Acute and chronic chorioamnionitis and the risk of perinatal HIV-1 transmission


Chi BH, Mudenda V, Levy J, Sinkala M, Goldenberg RL, Stringer JSA


Am J Obstet Gynecol 2005; 194:174-81


This study was undertaken to examine the prevalence of acute and chronic chorioamnionitis among women infected with human immunodeficiency virus-1 (HIV-1) and to determine the relative contribution of each to perinatal HIV-1 transmission.

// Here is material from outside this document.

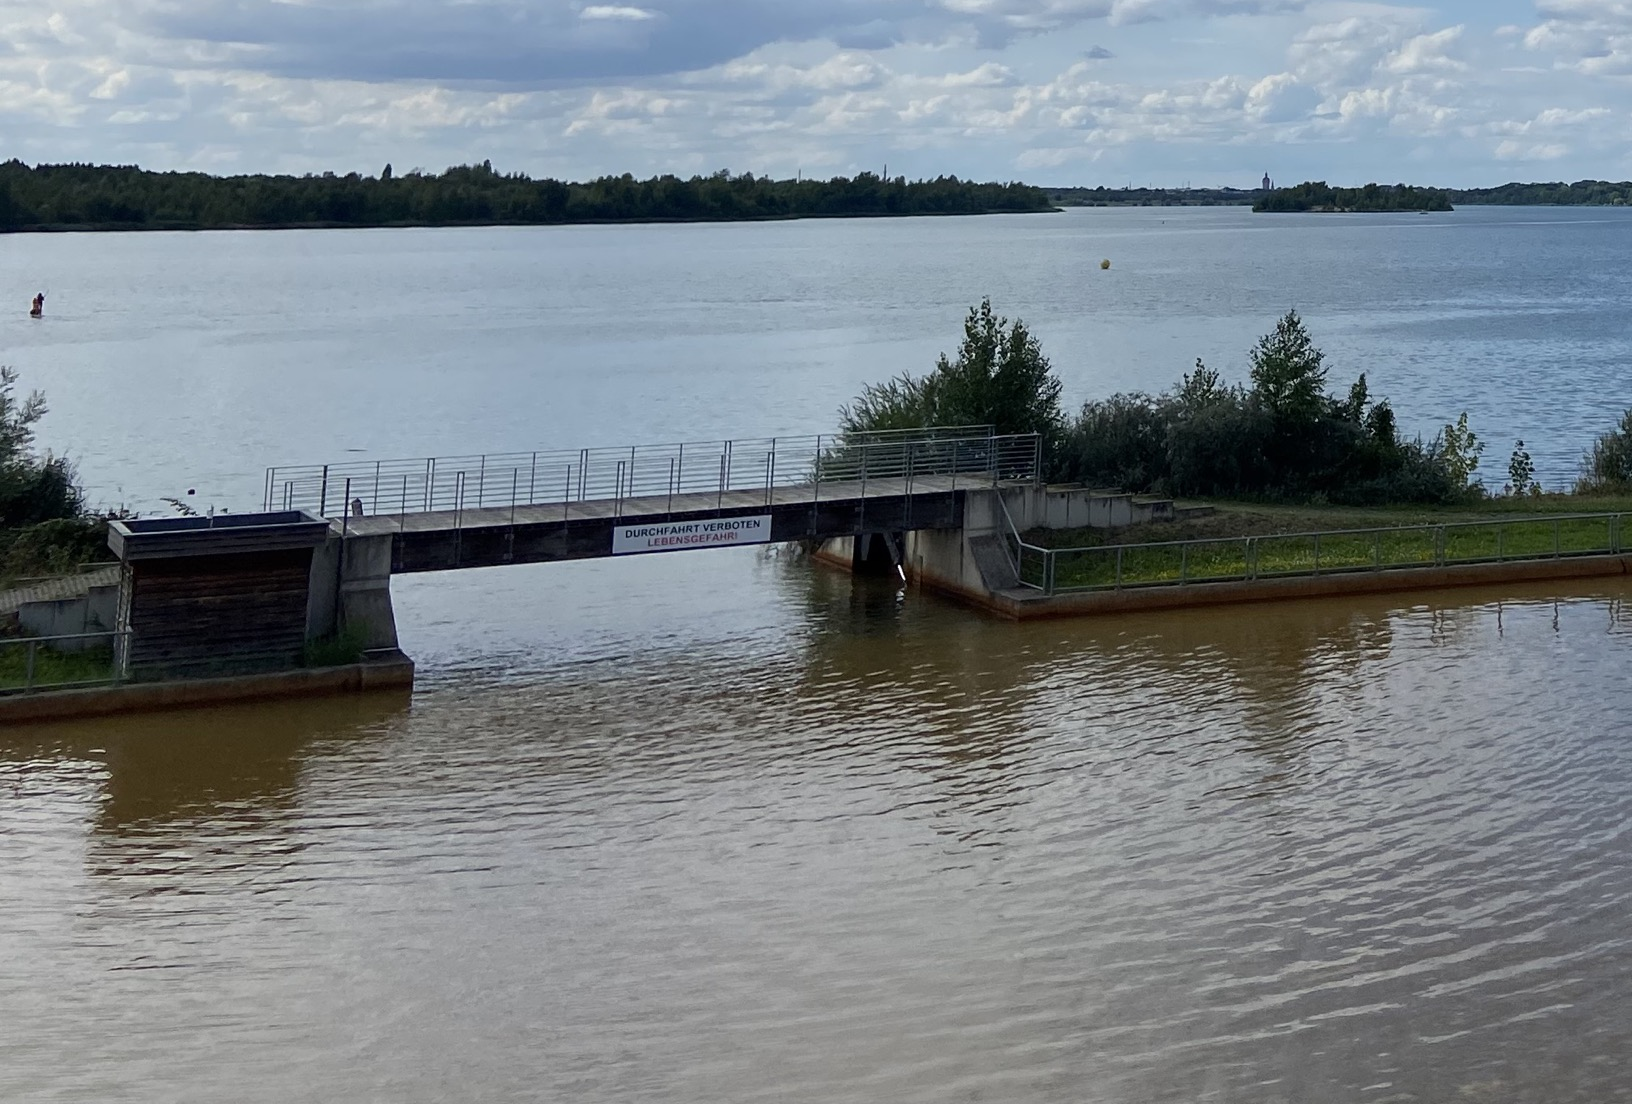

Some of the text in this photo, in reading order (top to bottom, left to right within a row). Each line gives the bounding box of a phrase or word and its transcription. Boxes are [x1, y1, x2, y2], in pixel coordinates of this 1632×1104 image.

[625, 520, 761, 538] DURCHFAHRT VERBOTEN
[648, 531, 738, 547] LEBENSGEFAHR!

In 227 HIV-infected women receiving intrapartum/neonatal nevirapine prophylaxis, we examined associations between fetal membrane histology, cord blood interleukin-6 (IL-6), and perinatal HIV-1 transmission.


Acute chorioamnionitis was present in 122 of 227 specimens; chronic chorioamnionitis in 64 of 227. There was a positive correlation between acute chorioamnionitis and labor length (r = 0.208; P = .002), time of ruptured membrane (r = 0.177; P = .008), and cord IL-6 (r = 0.390; P < .001). Chronic chorioamnionitis was associated with high viral load (P = .05) and low cord IL-6 (P < .001). Severe chronic chorioamnionitis was associated with intrauterine HIV-1 transmission (odds ratio [OR] = 7.61; 95% CI = 1.04-85.5), but no correlation was demonstrated between acute chorioamnionitis and vertical transmission.


In a setting of high perinatal nevirapine use, acute chorioamnionitis was not associated with vertical HIV-1 transmission. Risk for intrauterine transmission increased significantly when chronic chorioamnionitis was present.